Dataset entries

###

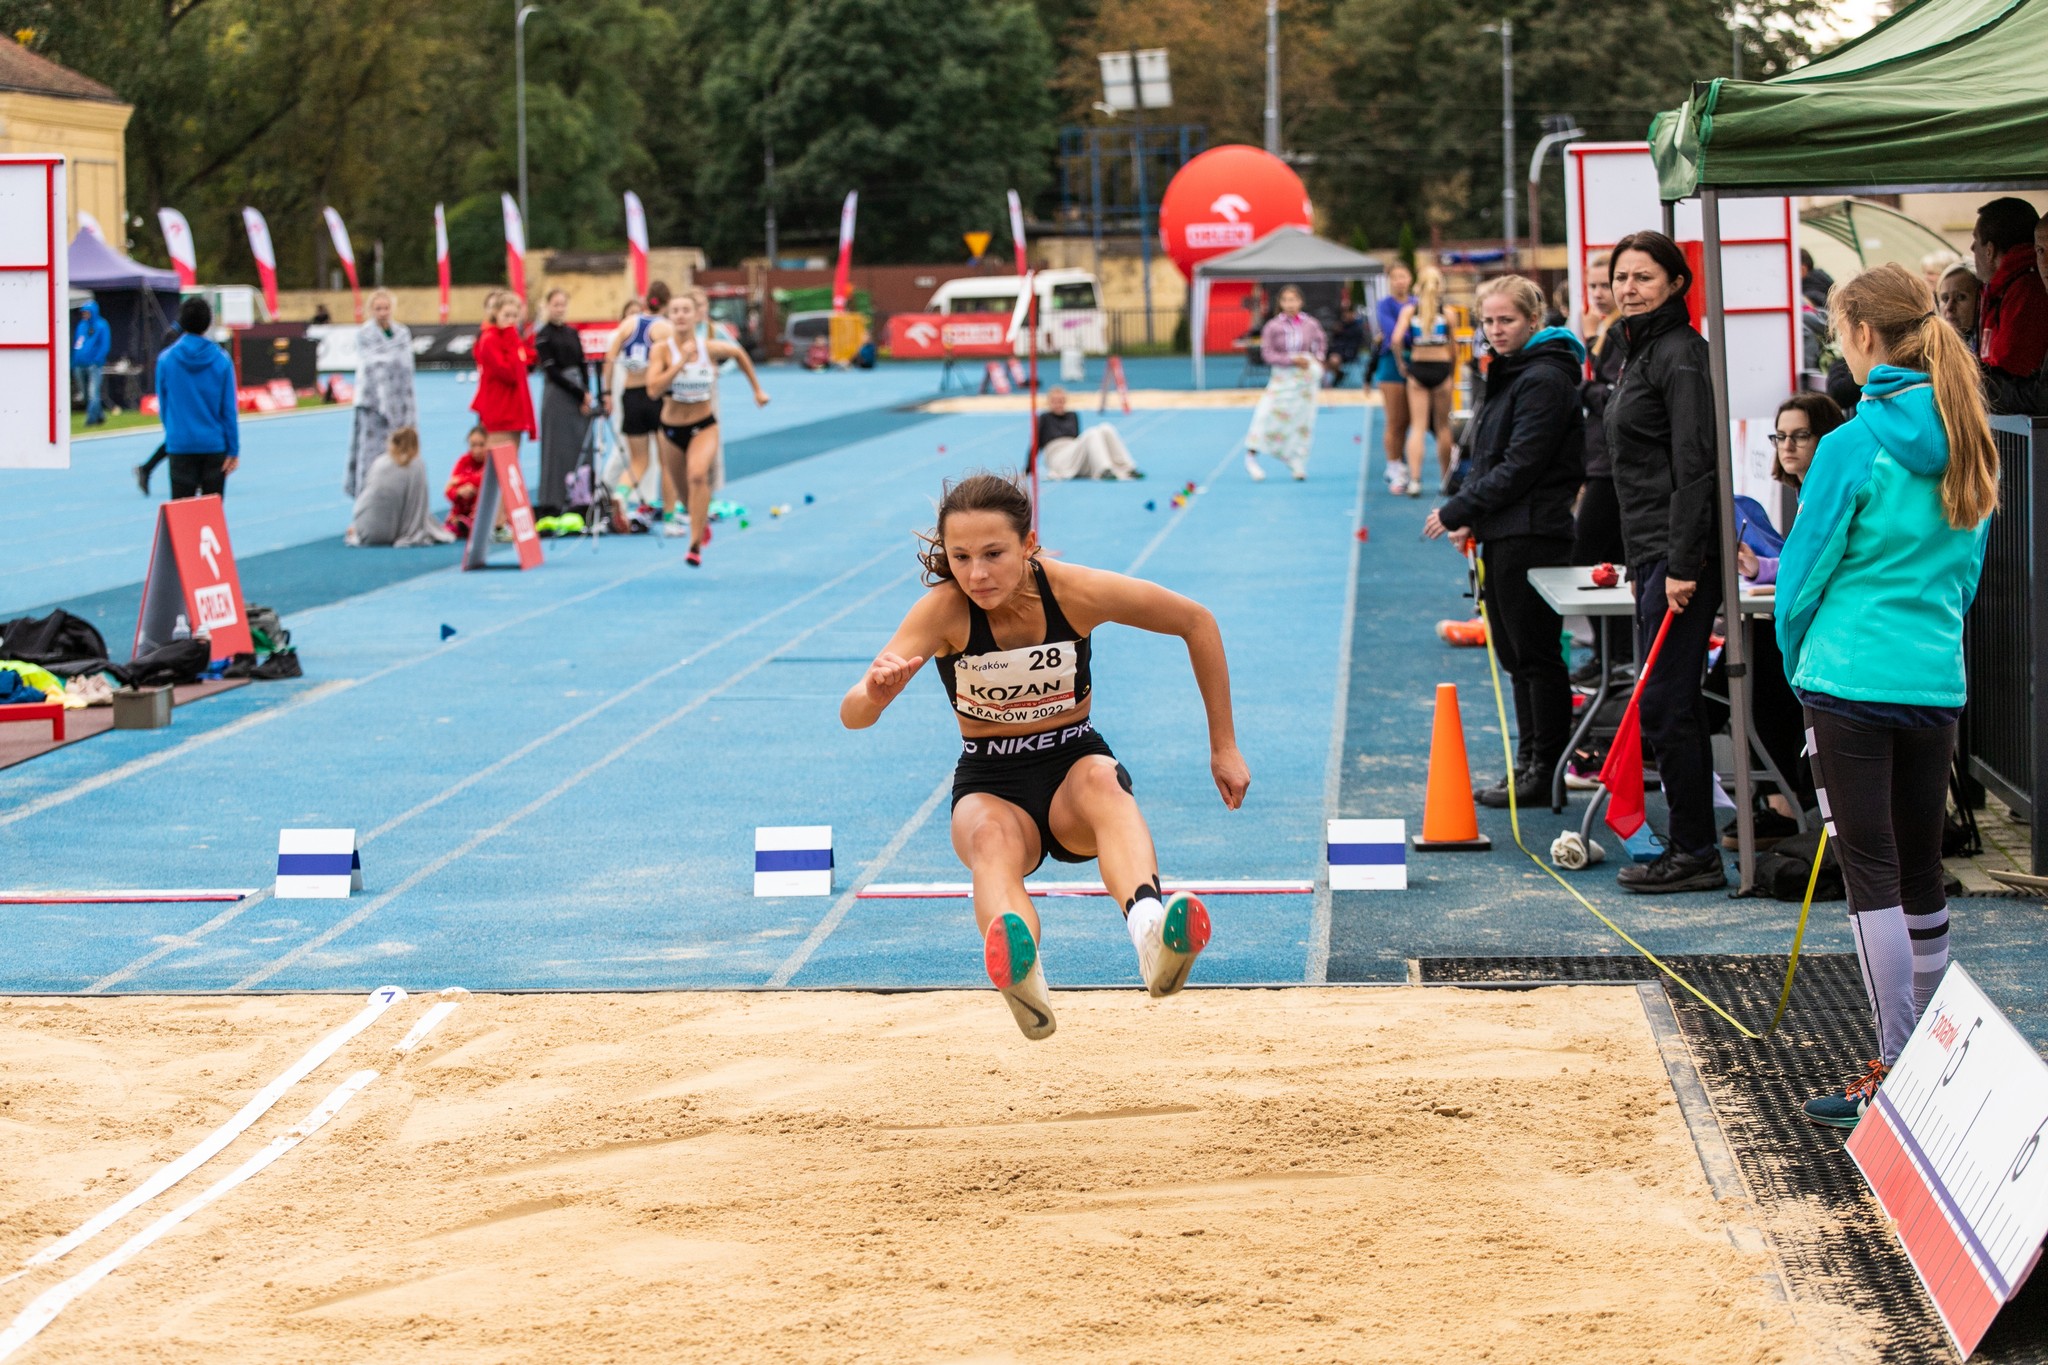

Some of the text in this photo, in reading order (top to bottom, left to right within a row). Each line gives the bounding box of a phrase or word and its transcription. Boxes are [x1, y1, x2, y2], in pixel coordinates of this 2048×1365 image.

[200, 592, 232, 622] ORLEN
[971, 661, 1009, 672] Kraków
[1029, 647, 1062, 671] 28
[969, 680, 1061, 701] KOZAN
[968, 704, 1064, 722] KRAKÓW 2022
[986, 731, 1057, 755] NIKE
[380, 991, 396, 1004] 7
[1927, 1014, 1962, 1053] polanik
[1942, 1016, 1984, 1087] 5
[2011, 1115, 2048, 1183] 6

###

» **What the task asks**: Repeat the records in full, exactly as they appear, without the pictures.

» **Worked solution**:
Some of the text in this photo, in reading order (top to bottom, left to right within a row). Each line gives the bounding box of a phrase or word and its transcription. Boxes are [x1, y1, x2, y2], in pixel coordinates of this 2048×1365 image.

[200, 592, 232, 622] ORLEN
[971, 661, 1009, 672] Kraków
[1029, 647, 1062, 671] 28
[969, 680, 1061, 701] KOZAN
[968, 704, 1064, 722] KRAKÓW 2022
[986, 731, 1057, 755] NIKE
[380, 991, 396, 1004] 7
[1927, 1014, 1962, 1053] polanik
[1942, 1016, 1984, 1087] 5
[2011, 1115, 2048, 1183] 6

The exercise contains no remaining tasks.